Lerer previously co-wrote a fawning Gillibrand profile in May 2019 under the pseudo-clever headline: “Women Who Won Are Asked if They Can Win.” The text box on the jump page: “The misogyny Clinton faced in 2016 resurfaces for 2020." The story skipped Gillibrand’s awful polling showing less than 1% favored her candidacy. Her numbers failed to rise in the interim.

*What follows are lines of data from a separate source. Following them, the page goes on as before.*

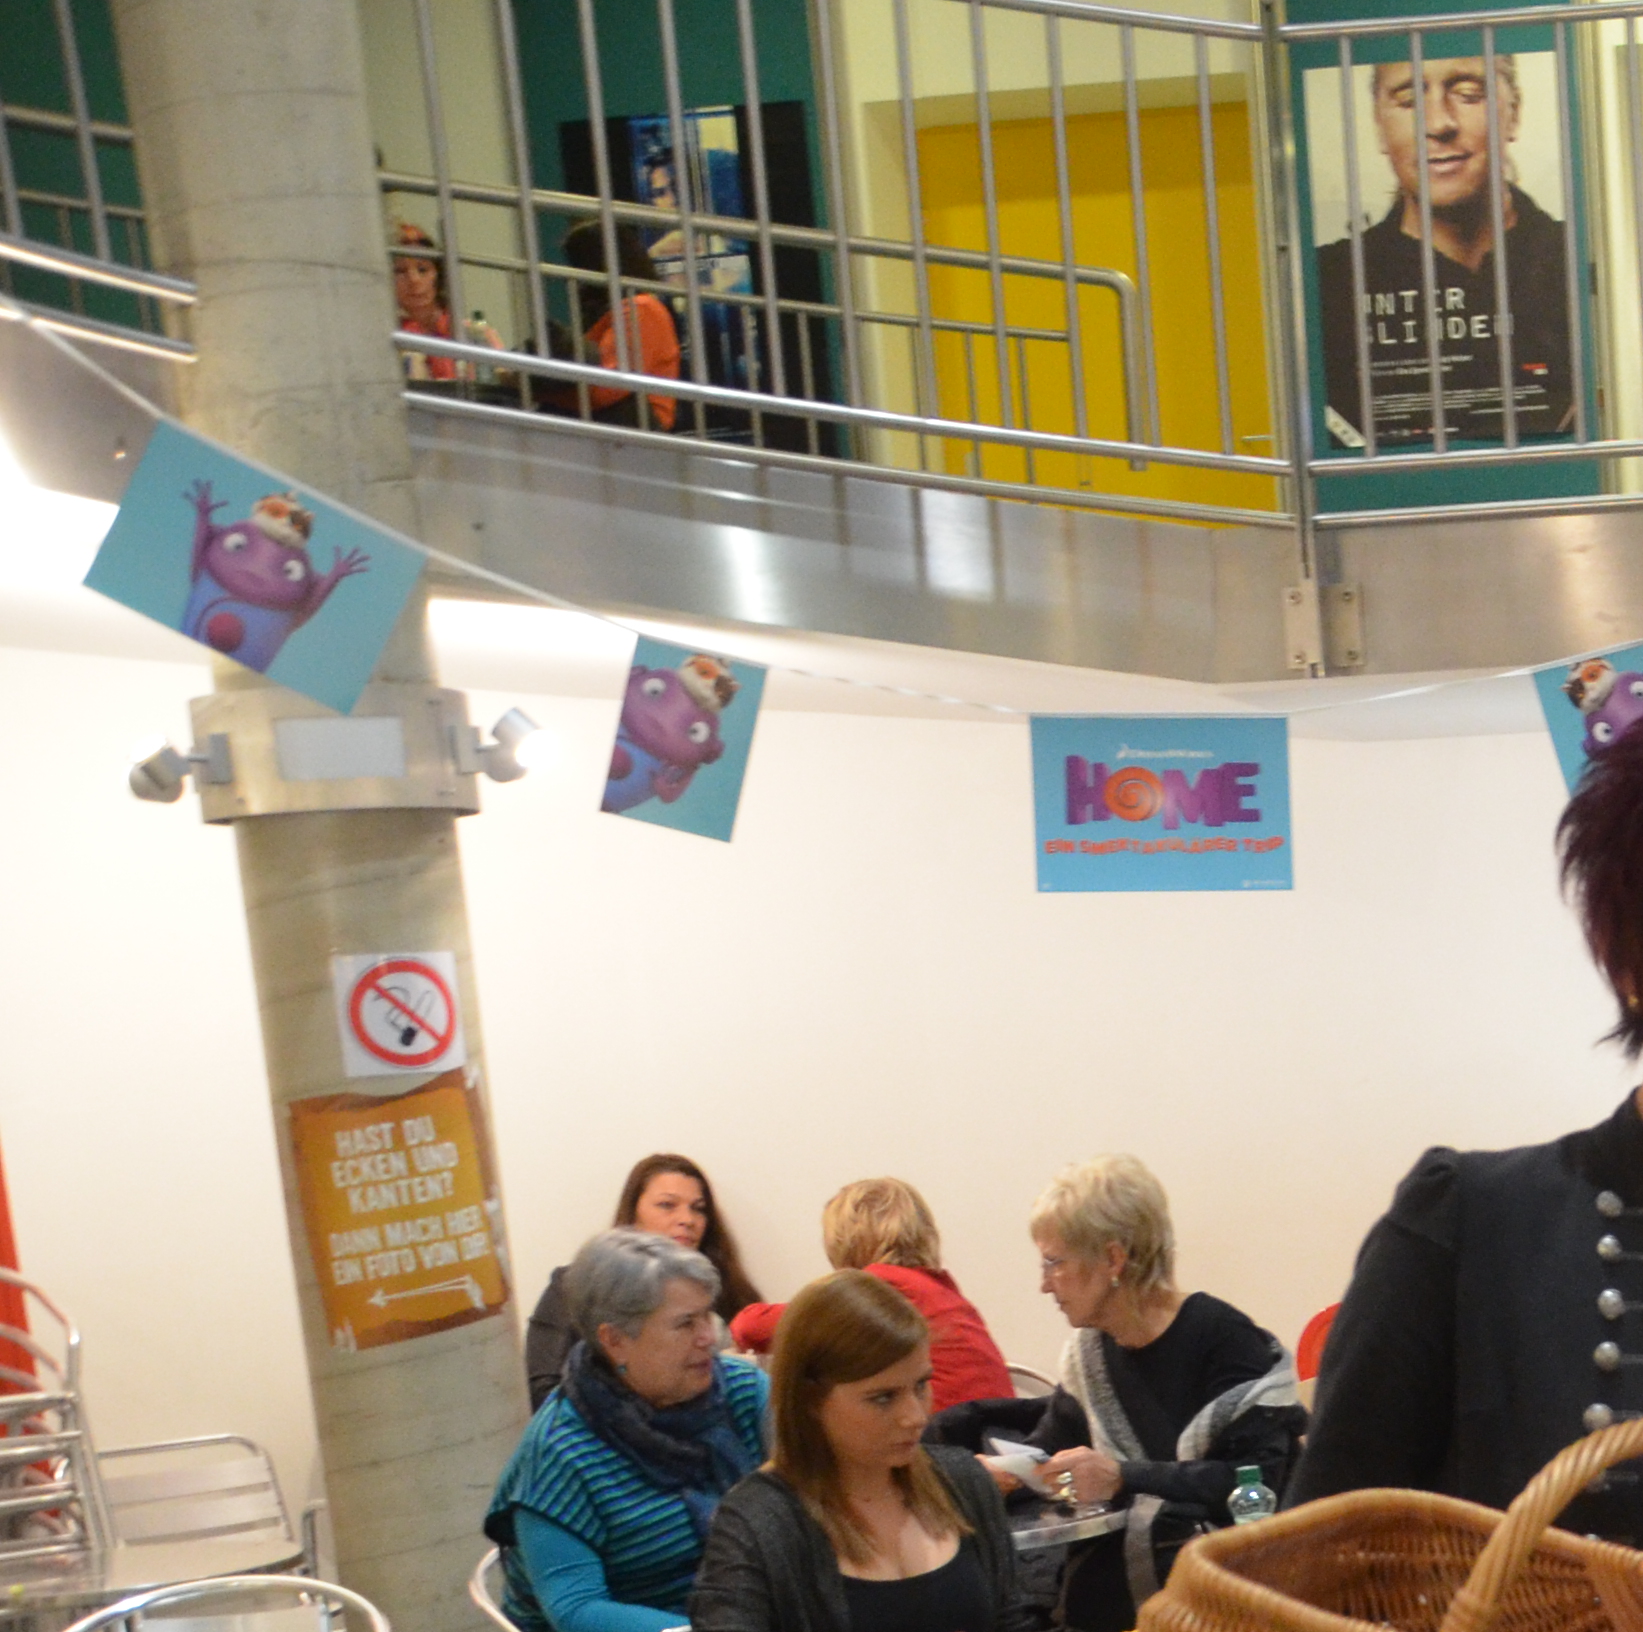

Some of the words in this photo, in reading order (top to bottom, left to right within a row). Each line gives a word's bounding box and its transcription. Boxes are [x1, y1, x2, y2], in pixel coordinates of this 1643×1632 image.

[336, 1123, 394, 1156] HAST
[402, 1115, 436, 1144] DU
[332, 1151, 408, 1188] ECKEN
[412, 1142, 459, 1173] UND
[349, 1173, 454, 1213] KANTEN?
[328, 1226, 381, 1258] DANN
[384, 1215, 444, 1247] MACH
[331, 1258, 364, 1286] EIN
[366, 1249, 416, 1279] FOTO
[418, 1239, 460, 1270] VON
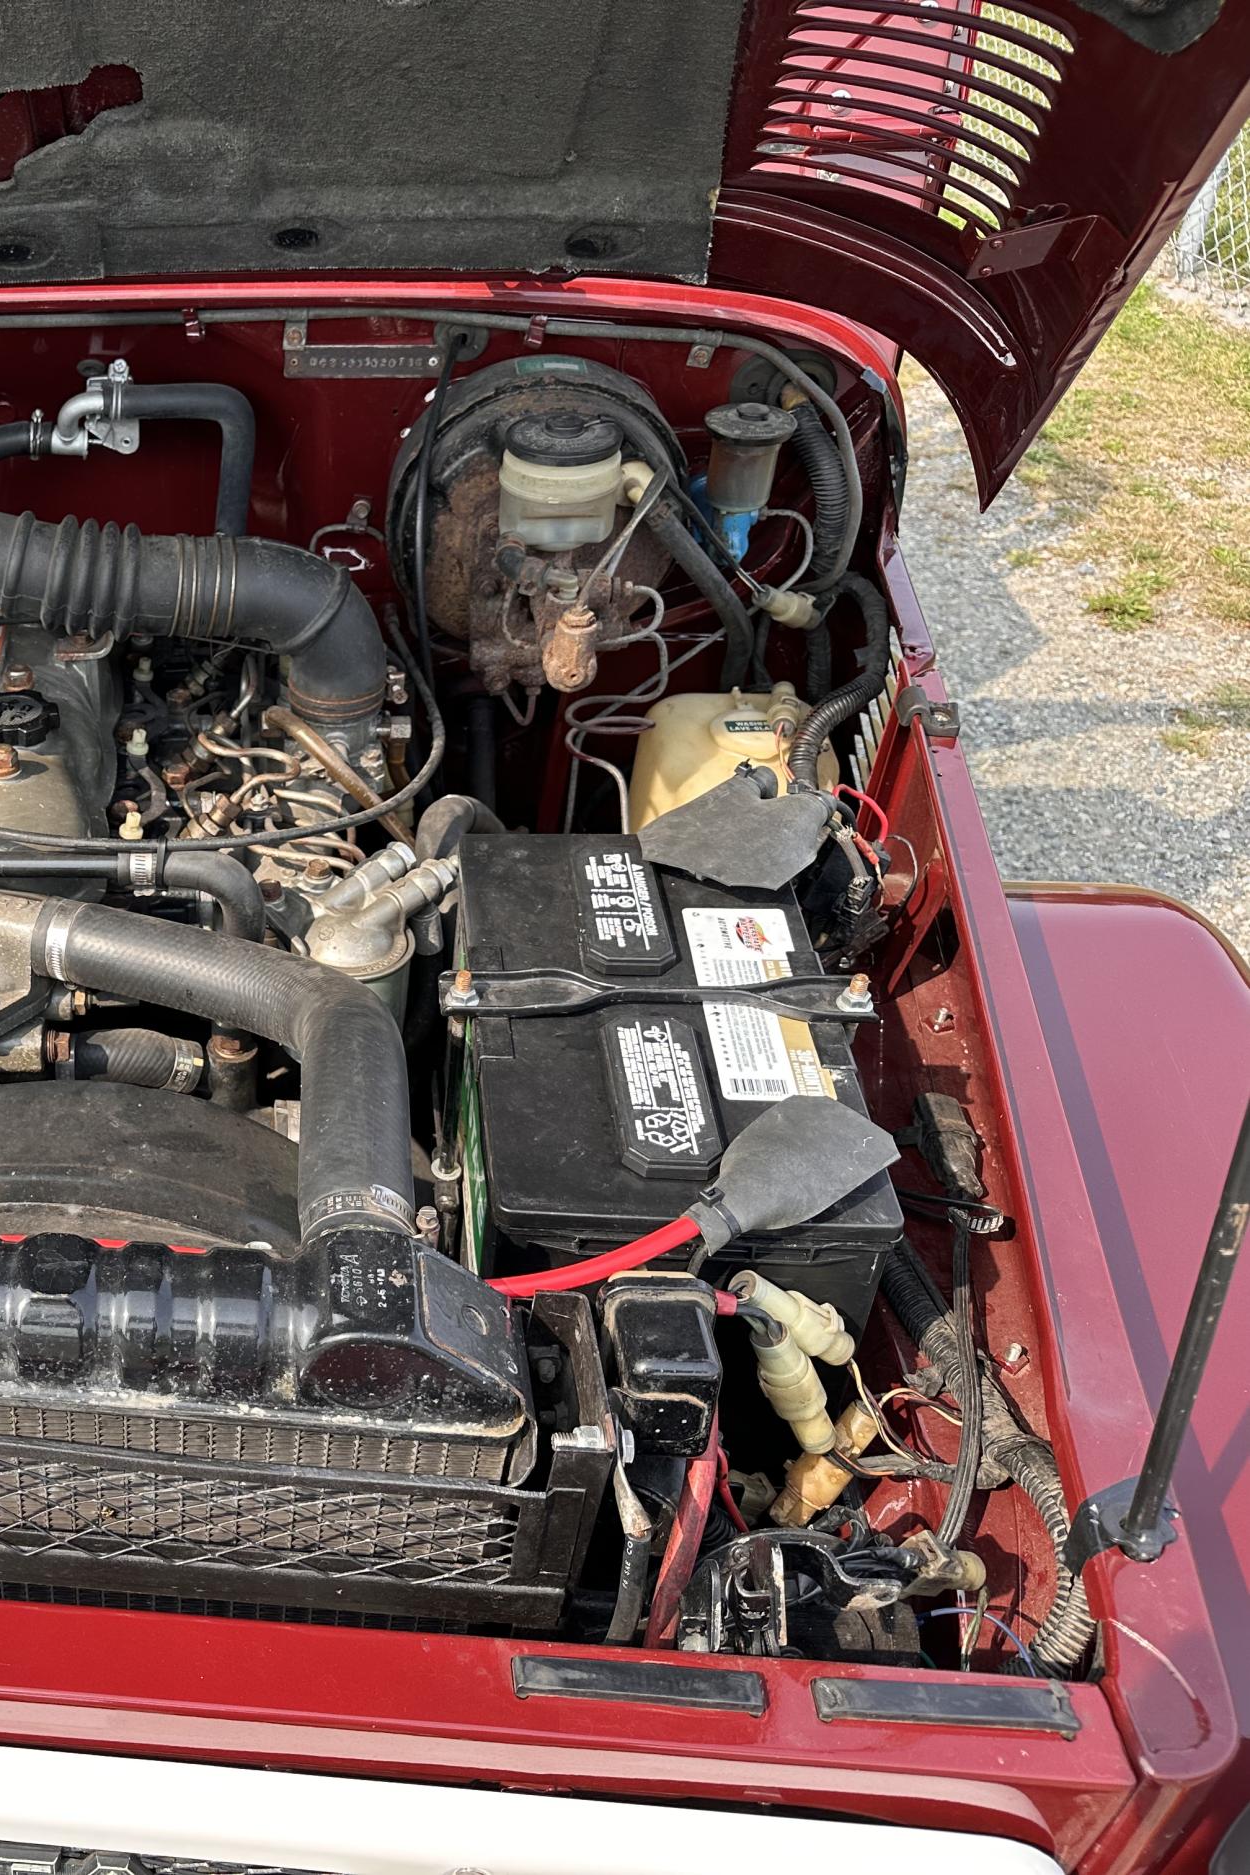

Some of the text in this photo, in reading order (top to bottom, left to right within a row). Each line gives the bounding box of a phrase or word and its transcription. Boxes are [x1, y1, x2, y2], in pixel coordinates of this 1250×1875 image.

[632, 872, 650, 900] DANGER
[641, 908, 658, 935] POISON
[717, 918, 732, 949] AUTOMOTIVE
[748, 917, 761, 950] INTERSTATE
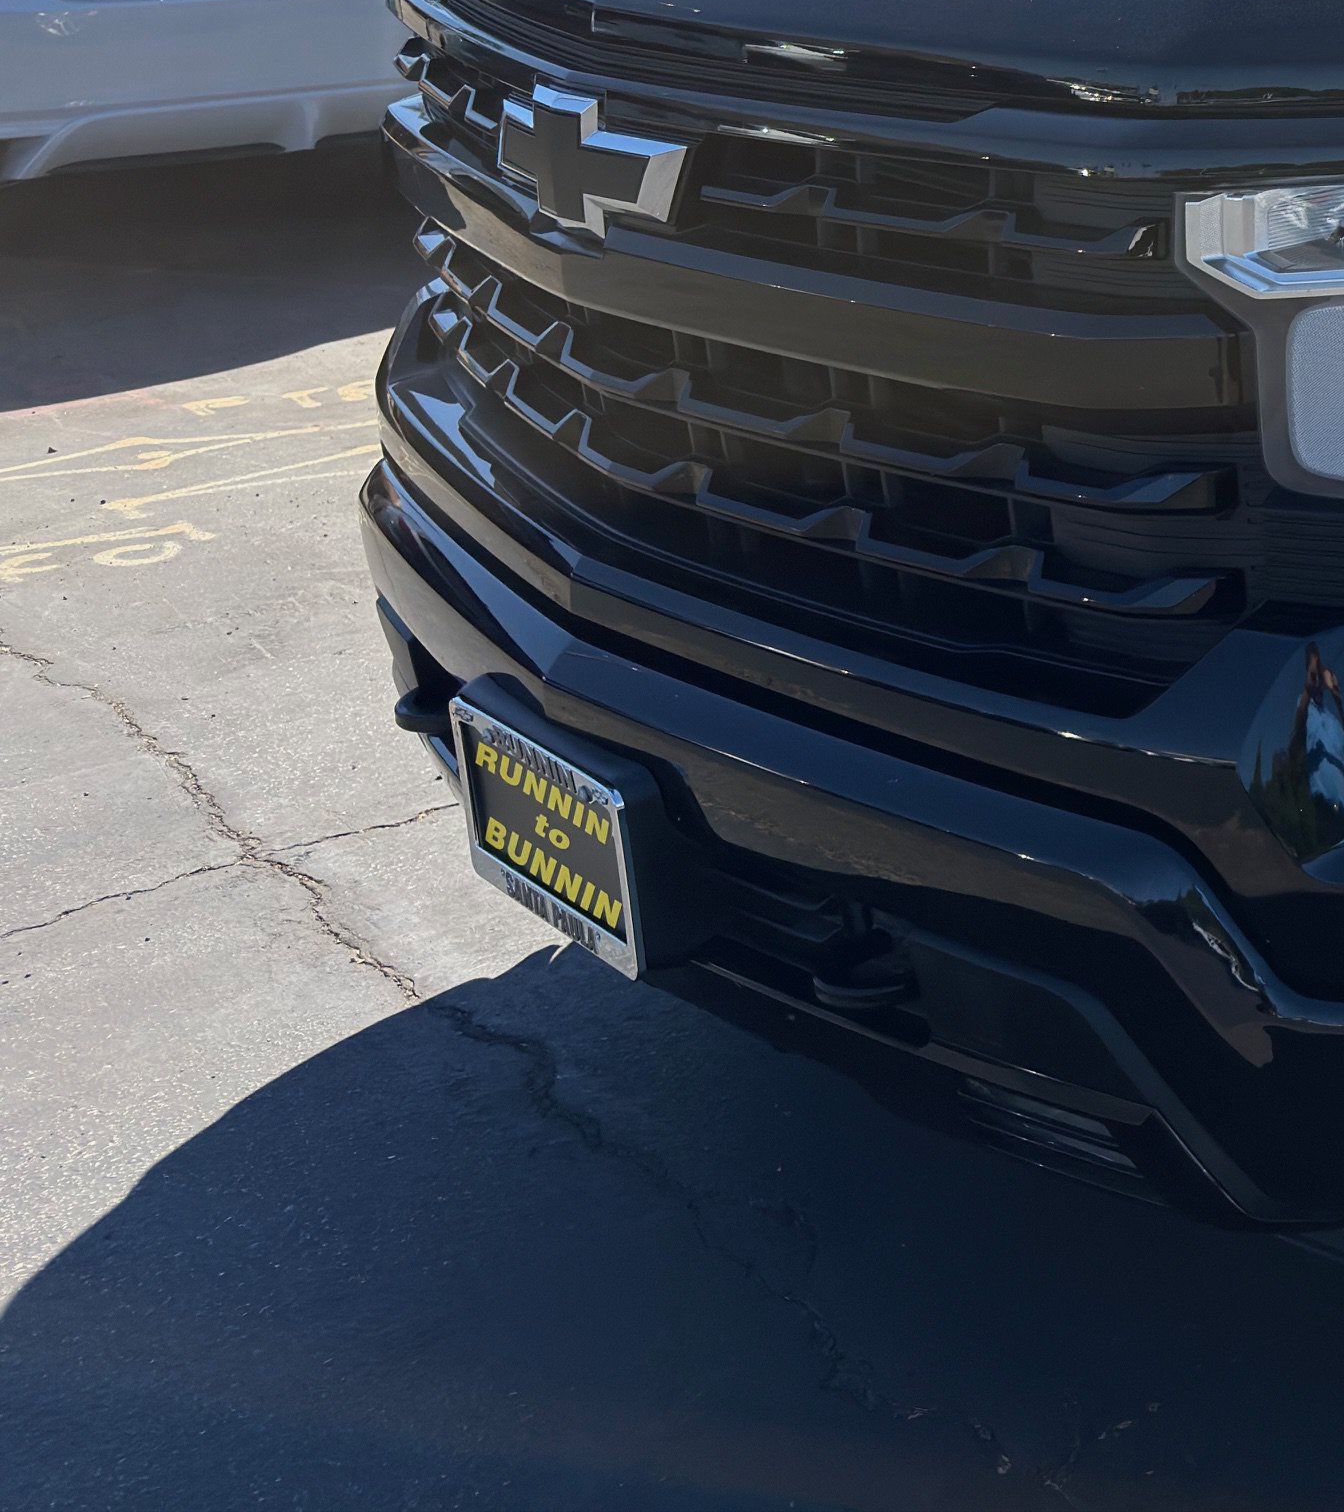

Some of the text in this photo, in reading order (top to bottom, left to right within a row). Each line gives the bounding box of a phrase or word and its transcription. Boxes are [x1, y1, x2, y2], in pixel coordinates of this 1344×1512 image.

It was a quite different scenario 21 months ago, when the paper launched Gillibrand's 2020 campaign on the front of the Sunday National section, under the incredibly sycophantic headline “Senator’s Star Shines as Nation Unites Behind Her Cause -- Gillibrand, Long a Champion of Women, Stays Out Front in a Cultural Reckoning.” At the time, part of her imagined appeal at the paper was being “the first in her caucus to say Senator Al Franken of Minnesota should resign” after multiple credible accounts of inappropriate behavior toward women.
The paper quickly cooled on condemning Franken (conveniently right along with the Democratic Party at large) but at the time the paper ran front-page stories installing the Democrats on the moral high ground while worrying they were just too tough on themselves, unlike those Republicans.
Ironically, back in 2009, the Times thought Gillibrand was too conservative to represent diverse New York State, when the then-one-term representative was picked to replace Hillary Clinton in the U.S. Senate after Clinton resigned to become Secretary of State in the Obama administration, back when Gillibrand actually stood against amnesty for illegal immigrants and supported gun rights.
The takeaway: At the Times, it’s fine to criticize a woman in politics that you suspect may lean conservative, but it’s sexist to criticize one that’s feminist.